▶ [EXERCISE REQUIREMENTS]: In this exercise, set down every entry that follows exactly as it appears.

▶ [EXCERPTED RECORDS]:
────────────────
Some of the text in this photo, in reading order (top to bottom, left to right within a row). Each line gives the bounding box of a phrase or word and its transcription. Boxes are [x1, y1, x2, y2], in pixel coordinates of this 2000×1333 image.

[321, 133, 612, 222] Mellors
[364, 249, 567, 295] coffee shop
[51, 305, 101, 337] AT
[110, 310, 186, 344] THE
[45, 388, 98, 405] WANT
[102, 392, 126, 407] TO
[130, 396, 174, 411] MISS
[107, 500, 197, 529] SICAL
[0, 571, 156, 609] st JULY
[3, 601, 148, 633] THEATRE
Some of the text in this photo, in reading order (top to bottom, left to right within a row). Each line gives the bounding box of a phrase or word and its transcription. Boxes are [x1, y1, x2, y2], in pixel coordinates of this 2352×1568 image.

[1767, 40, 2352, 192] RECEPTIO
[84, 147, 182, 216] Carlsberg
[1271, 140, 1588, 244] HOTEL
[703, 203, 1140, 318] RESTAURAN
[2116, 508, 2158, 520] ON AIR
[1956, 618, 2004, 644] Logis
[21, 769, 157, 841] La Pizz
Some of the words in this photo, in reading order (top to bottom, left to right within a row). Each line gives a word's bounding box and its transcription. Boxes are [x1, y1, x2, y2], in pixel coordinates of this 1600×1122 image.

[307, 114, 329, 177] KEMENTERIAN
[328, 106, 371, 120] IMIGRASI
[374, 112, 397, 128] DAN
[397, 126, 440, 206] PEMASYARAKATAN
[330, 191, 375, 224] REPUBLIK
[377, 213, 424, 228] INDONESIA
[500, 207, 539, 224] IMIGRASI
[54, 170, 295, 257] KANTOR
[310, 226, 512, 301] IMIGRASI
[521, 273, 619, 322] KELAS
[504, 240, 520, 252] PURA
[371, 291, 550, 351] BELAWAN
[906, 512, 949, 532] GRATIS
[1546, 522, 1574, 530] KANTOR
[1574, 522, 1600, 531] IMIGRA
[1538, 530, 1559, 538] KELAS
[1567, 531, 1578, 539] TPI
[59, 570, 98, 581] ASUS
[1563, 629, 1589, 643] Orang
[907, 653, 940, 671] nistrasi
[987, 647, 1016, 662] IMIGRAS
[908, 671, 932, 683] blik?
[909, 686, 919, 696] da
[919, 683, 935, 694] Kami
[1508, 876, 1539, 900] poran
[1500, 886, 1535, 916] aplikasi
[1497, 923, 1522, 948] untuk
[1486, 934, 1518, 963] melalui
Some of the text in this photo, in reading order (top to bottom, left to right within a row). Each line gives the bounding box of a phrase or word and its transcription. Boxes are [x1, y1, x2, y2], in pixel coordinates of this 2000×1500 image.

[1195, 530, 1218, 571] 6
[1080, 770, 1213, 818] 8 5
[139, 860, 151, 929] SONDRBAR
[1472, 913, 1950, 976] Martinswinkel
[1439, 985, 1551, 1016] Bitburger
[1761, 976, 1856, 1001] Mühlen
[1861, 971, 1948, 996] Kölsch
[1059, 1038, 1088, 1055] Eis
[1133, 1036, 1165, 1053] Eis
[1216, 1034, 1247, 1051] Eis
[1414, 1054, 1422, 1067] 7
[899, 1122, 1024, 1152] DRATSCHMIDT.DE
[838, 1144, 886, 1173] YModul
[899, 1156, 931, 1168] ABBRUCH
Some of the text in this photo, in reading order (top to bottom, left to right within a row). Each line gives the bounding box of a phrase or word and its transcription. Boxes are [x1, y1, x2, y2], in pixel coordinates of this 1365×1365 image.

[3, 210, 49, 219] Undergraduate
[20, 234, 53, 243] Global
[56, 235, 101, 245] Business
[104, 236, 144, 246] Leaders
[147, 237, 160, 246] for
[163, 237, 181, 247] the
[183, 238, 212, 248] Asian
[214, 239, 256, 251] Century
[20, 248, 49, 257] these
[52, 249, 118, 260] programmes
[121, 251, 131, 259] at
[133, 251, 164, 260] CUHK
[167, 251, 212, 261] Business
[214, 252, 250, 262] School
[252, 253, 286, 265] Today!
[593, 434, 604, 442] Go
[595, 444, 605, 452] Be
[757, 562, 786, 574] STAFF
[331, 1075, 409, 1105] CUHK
────────────────
▶ [REPLY]:
Some of the text in this photo, in reading order (top to bottom, left to right within a row). Each line gives the bounding box of a phrase or word and its transcription. Boxes are [x1, y1, x2, y2], in pixel coordinates of this 2000×1333 image.

[321, 133, 612, 222] Mellors
[364, 249, 567, 295] coffee shop
[51, 305, 101, 337] AT
[110, 310, 186, 344] THE
[45, 388, 98, 405] WANT
[102, 392, 126, 407] TO
[130, 396, 174, 411] MISS
[107, 500, 197, 529] SICAL
[0, 571, 156, 609] st JULY
[3, 601, 148, 633] THEATRE
Some of the text in this photo, in reading order (top to bottom, left to right within a row). Each line gives the bounding box of a phrase or word and its transcription. Boxes are [x1, y1, x2, y2], in pixel coordinates of this 2352×1568 image.

[1767, 40, 2352, 192] RECEPTIO
[84, 147, 182, 216] Carlsberg
[1271, 140, 1588, 244] HOTEL
[703, 203, 1140, 318] RESTAURAN
[2116, 508, 2158, 520] ON AIR
[1956, 618, 2004, 644] Logis
[21, 769, 157, 841] La Pizz
Some of the words in this photo, in reading order (top to bottom, left to right within a row). Each line gives a word's bounding box and its transcription. Boxes are [x1, y1, x2, y2], in pixel coordinates of this 1600×1122 image.

[307, 114, 329, 177] KEMENTERIAN
[328, 106, 371, 120] IMIGRASI
[374, 112, 397, 128] DAN
[397, 126, 440, 206] PEMASYARAKATAN
[330, 191, 375, 224] REPUBLIK
[377, 213, 424, 228] INDONESIA
[500, 207, 539, 224] IMIGRASI
[54, 170, 295, 257] KANTOR
[310, 226, 512, 301] IMIGRASI
[521, 273, 619, 322] KELAS
[504, 240, 520, 252] PURA
[371, 291, 550, 351] BELAWAN
[906, 512, 949, 532] GRATIS
[1546, 522, 1574, 530] KANTOR
[1574, 522, 1600, 531] IMIGRA
[1538, 530, 1559, 538] KELAS
[1567, 531, 1578, 539] TPI
[59, 570, 98, 581] ASUS
[1563, 629, 1589, 643] Orang
[907, 653, 940, 671] nistrasi
[987, 647, 1016, 662] IMIGRAS
[908, 671, 932, 683] blik?
[909, 686, 919, 696] da
[919, 683, 935, 694] Kami
[1508, 876, 1539, 900] poran
[1500, 886, 1535, 916] aplikasi
[1497, 923, 1522, 948] untuk
[1486, 934, 1518, 963] melalui
Some of the text in this photo, in reading order (top to bottom, left to right within a row). Each line gives the bounding box of a phrase or word and its transcription. Boxes are [x1, y1, x2, y2], in pixel coordinates of this 2000×1500 image.

[1195, 530, 1218, 571] 6
[1080, 770, 1213, 818] 8 5
[139, 860, 151, 929] SONDRBAR
[1472, 913, 1950, 976] Martinswinkel
[1439, 985, 1551, 1016] Bitburger
[1761, 976, 1856, 1001] Mühlen
[1861, 971, 1948, 996] Kölsch
[1059, 1038, 1088, 1055] Eis
[1133, 1036, 1165, 1053] Eis
[1216, 1034, 1247, 1051] Eis
[1414, 1054, 1422, 1067] 7
[899, 1122, 1024, 1152] DRATSCHMIDT.DE
[838, 1144, 886, 1173] YModul
[899, 1156, 931, 1168] ABBRUCH
Some of the text in this photo, in reading order (top to bottom, left to right within a row). Each line gives the bounding box of a phrase or word and its transcription. Boxes are [x1, y1, x2, y2], in pixel coordinates of this 1365×1365 image.

[3, 210, 49, 219] Undergraduate
[20, 234, 53, 243] Global
[56, 235, 101, 245] Business
[104, 236, 144, 246] Leaders
[147, 237, 160, 246] for
[163, 237, 181, 247] the
[183, 238, 212, 248] Asian
[214, 239, 256, 251] Century
[20, 248, 49, 257] these
[52, 249, 118, 260] programmes
[121, 251, 131, 259] at
[133, 251, 164, 260] CUHK
[167, 251, 212, 261] Business
[214, 252, 250, 262] School
[252, 253, 286, 265] Today!
[593, 434, 604, 442] Go
[595, 444, 605, 452] Be
[757, 562, 786, 574] STAFF
[331, 1075, 409, 1105] CUHK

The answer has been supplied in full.